ACTIVITY: Your task is to transcribe each record exactly and to omit every image.

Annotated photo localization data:
"""

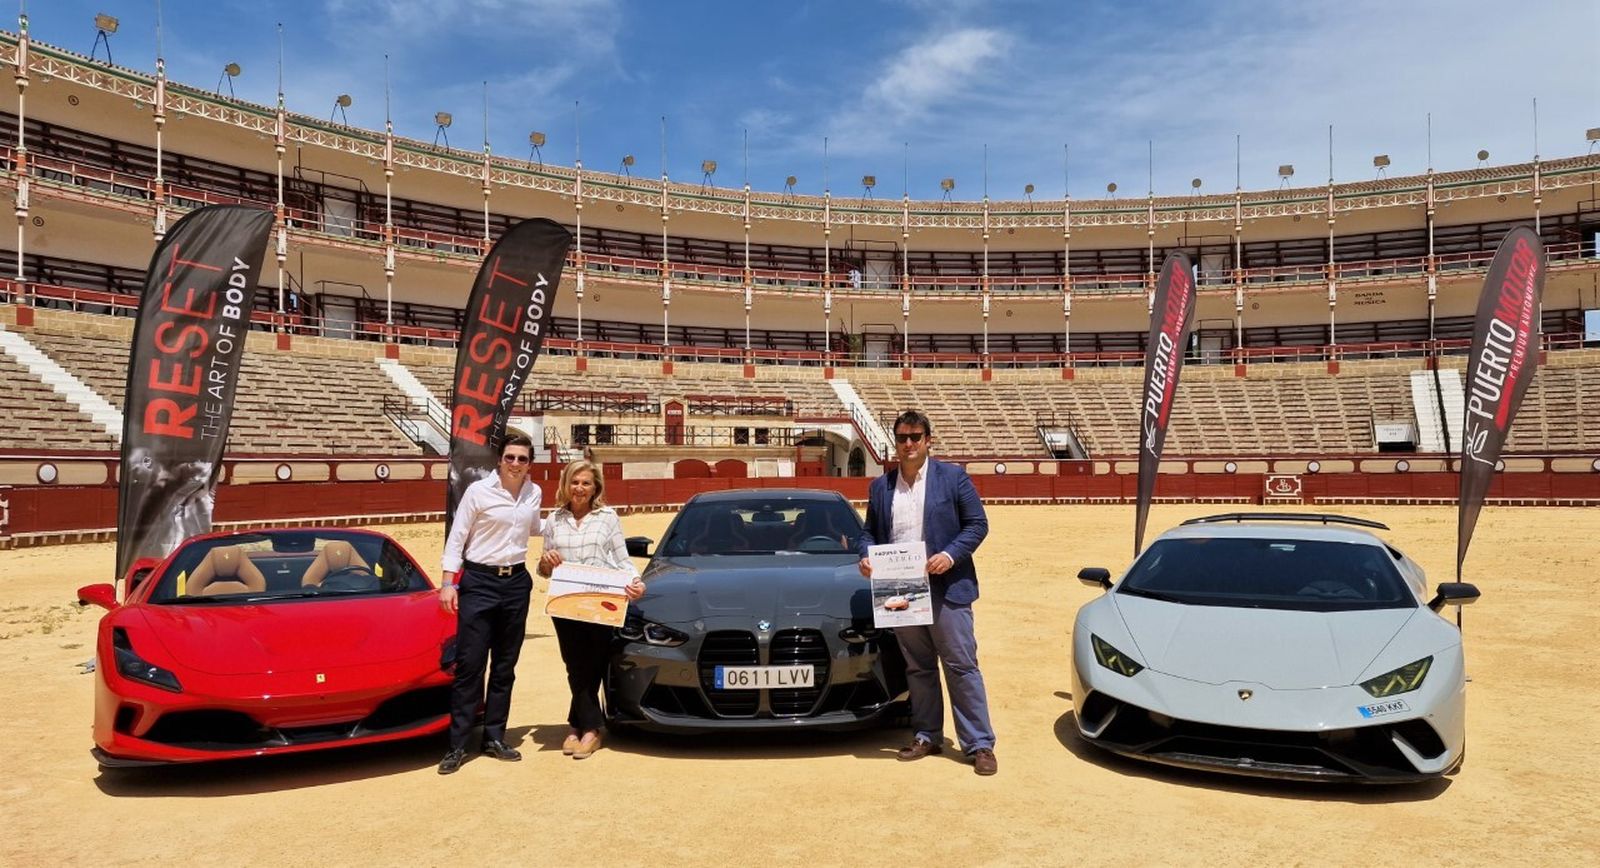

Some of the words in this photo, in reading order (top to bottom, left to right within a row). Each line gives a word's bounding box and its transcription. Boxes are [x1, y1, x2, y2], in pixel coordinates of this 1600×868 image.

[222, 256, 250, 320] BODY
[524, 272, 549, 336] BODY
[143, 243, 223, 440] RESET
[216, 324, 236, 354] OF
[452, 256, 529, 446] RESET
[516, 339, 534, 369] OF
[1508, 330, 1529, 380] PREMIUM
[207, 355, 229, 400] ART
[502, 370, 523, 410] ART
[201, 401, 223, 440] THE
[489, 411, 503, 449] THE
[728, 670, 770, 686] 0611
[778, 669, 810, 685] LVV

"""

WRITTEN SOLUTION:
Some of the words in this photo, in reading order (top to bottom, left to right within a row). Each line gives a word's bounding box and its transcription. Boxes are [x1, y1, x2, y2], in pixel coordinates of this 1600×868 image.

[222, 256, 250, 320] BODY
[524, 272, 549, 336] BODY
[143, 243, 223, 440] RESET
[216, 324, 236, 354] OF
[452, 256, 529, 446] RESET
[516, 339, 534, 369] OF
[1508, 330, 1529, 380] PREMIUM
[207, 355, 229, 400] ART
[502, 370, 523, 410] ART
[201, 401, 223, 440] THE
[489, 411, 503, 449] THE
[728, 670, 770, 686] 0611
[778, 669, 810, 685] LVV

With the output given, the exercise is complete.